§ **Activity**: Word for word, restate each of the entries below, and drop every picture.

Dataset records

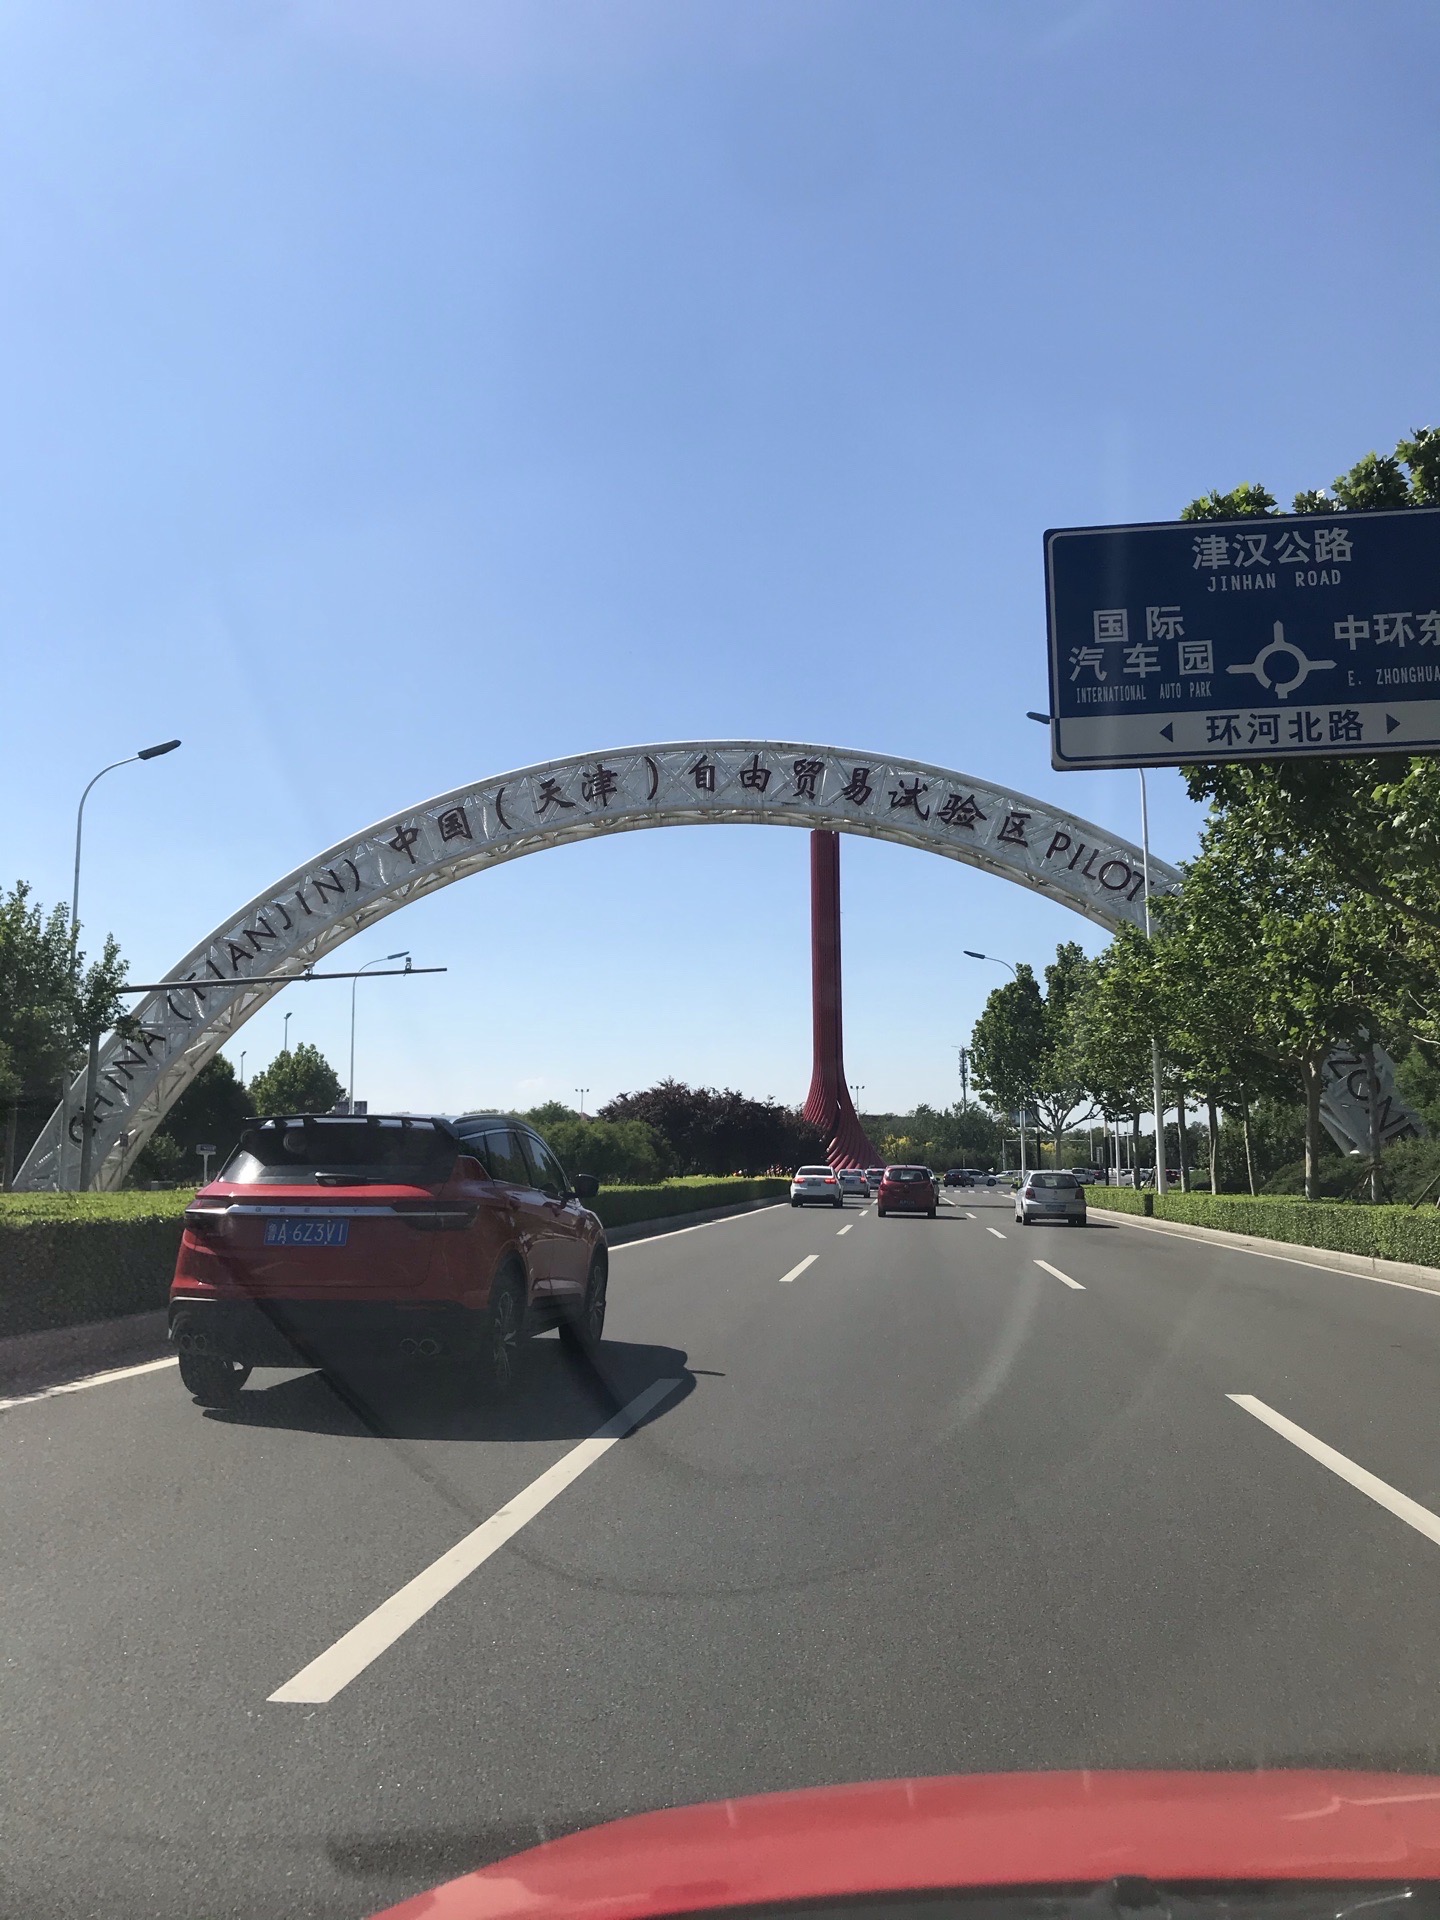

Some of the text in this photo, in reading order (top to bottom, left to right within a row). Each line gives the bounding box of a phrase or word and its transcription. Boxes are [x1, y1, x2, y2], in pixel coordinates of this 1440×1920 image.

[1191, 527, 1354, 571] 津汉公路
[1207, 569, 1342, 593] JINHAN ROAD
[1092, 605, 1186, 644] 国际
[1068, 639, 1215, 682] 汽车园
[1347, 670, 1362, 687] E.
[1076, 680, 1213, 704] INTERNATIONAL AUTO PARK
[1205, 709, 1364, 747] 环河北路
[1045, 831, 1155, 902] PILOT
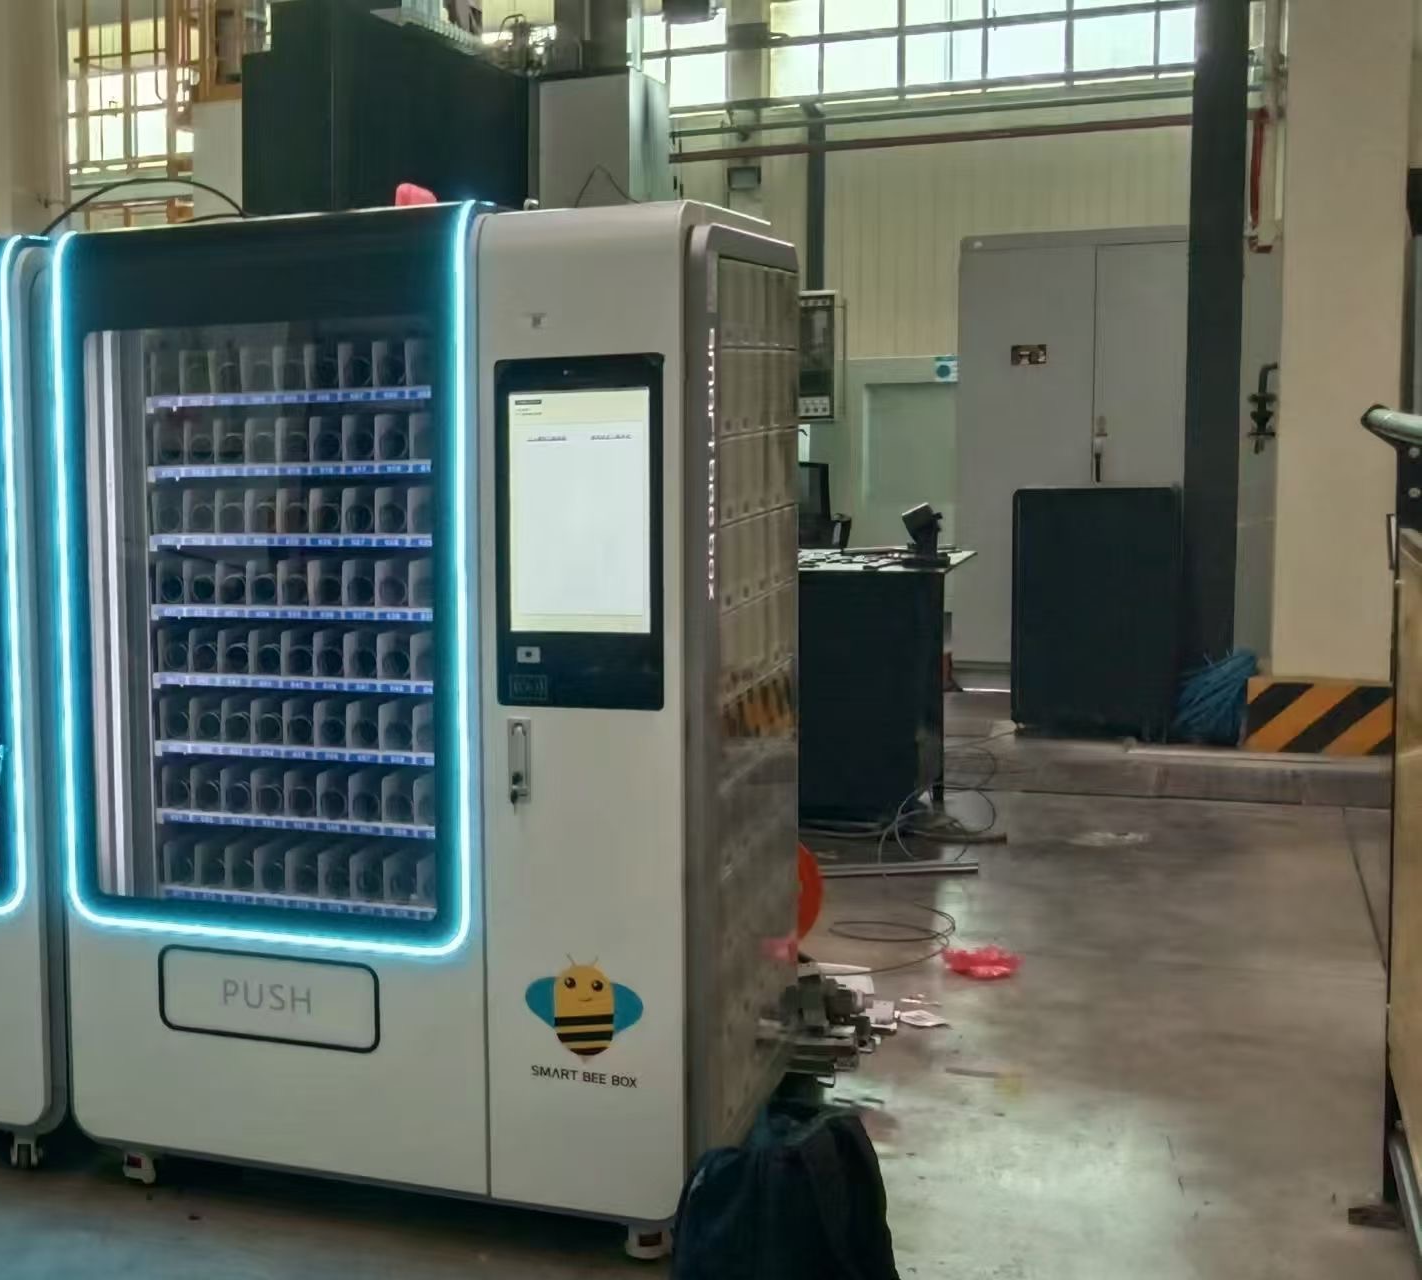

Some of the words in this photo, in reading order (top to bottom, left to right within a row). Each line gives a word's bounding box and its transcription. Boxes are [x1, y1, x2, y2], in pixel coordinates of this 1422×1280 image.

[223, 979, 311, 1015] PUSH
[531, 1065, 578, 1081] SMART
[582, 1071, 607, 1085] BEE
[611, 1074, 638, 1088] BOX
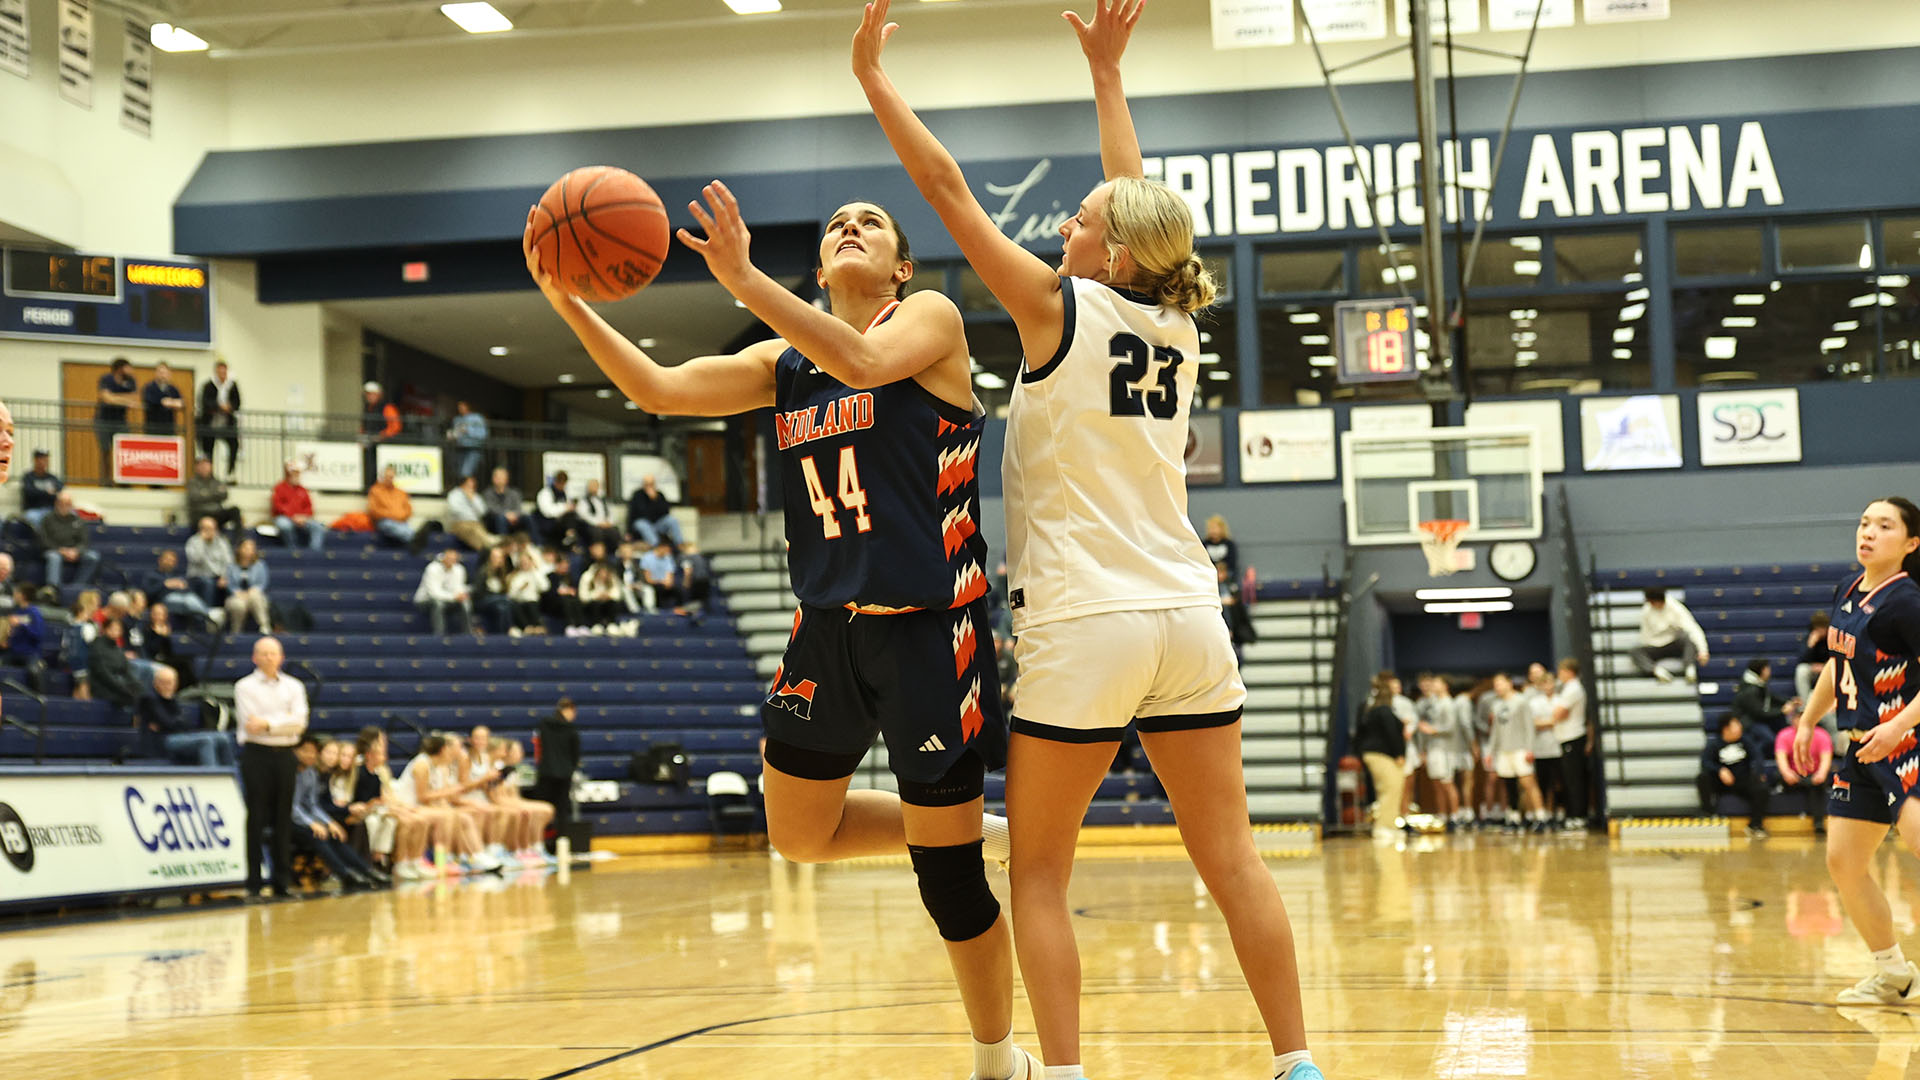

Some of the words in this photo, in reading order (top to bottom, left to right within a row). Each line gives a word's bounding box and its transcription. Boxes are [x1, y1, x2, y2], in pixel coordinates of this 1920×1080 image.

[1518, 121, 1784, 219] ARENA
[23, 306, 73, 326] PERIOD
[1108, 331, 1184, 420] 23
[1368, 331, 1404, 374] 18
[1713, 402, 1786, 443] SDC
[801, 445, 873, 539] 44
[29, 824, 102, 848] BROTHERS
[125, 785, 231, 854] Cattle
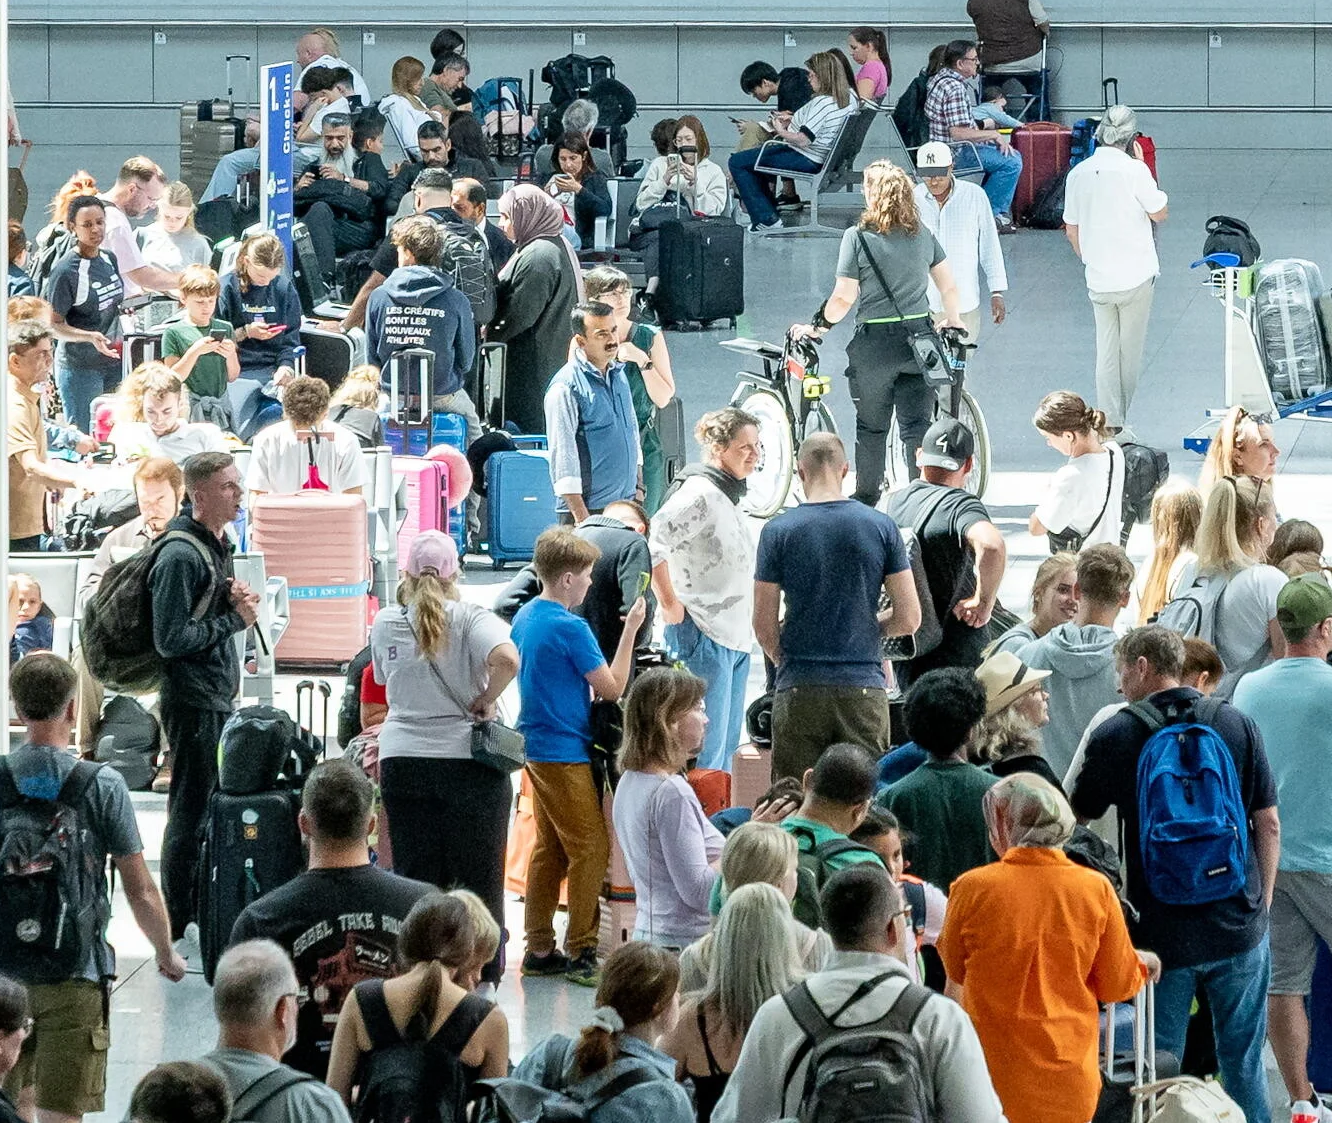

§ **Result**:
Some of the text in this photo, in reading order (top to bottom, left to right within a row). Each line gives the bounding box of a phrase or word and its transcription. Boxes are [x1, y1, x2, y2], in pixel coordinates of this 1440×1920 image.

[1191, 527, 1354, 571] 津汉公路
[1207, 569, 1342, 593] JINHAN ROAD
[1092, 605, 1186, 644] 国际
[1068, 639, 1215, 682] 汽车园
[1347, 670, 1362, 687] E.
[1076, 680, 1213, 704] INTERNATIONAL AUTO PARK
[1205, 709, 1364, 747] 环河北路
[1045, 831, 1155, 902] PILOT

Some of the words in this photo, in reading order (top to bottom, left to right within a row). Each line gives a word's bounding box and its transcription. Boxes are [x1, y1, x2, y2], in pixel coordinates of this 1422×1280 image.

[223, 979, 311, 1015] PUSH
[531, 1065, 578, 1081] SMART
[582, 1071, 607, 1085] BEE
[611, 1074, 638, 1088] BOX

Some of the words in this photo, in reading order (top to bottom, left to right within a row). Each line gives a word's bounding box and its transcription. Boxes are [x1, y1, x2, y2], in pixel coordinates of this 1920×1080 image.

[1518, 121, 1784, 219] ARENA
[23, 306, 73, 326] PERIOD
[1108, 331, 1184, 420] 23
[1368, 331, 1404, 374] 18
[1713, 402, 1786, 443] SDC
[801, 445, 873, 539] 44
[29, 824, 102, 848] BROTHERS
[125, 785, 231, 854] Cattle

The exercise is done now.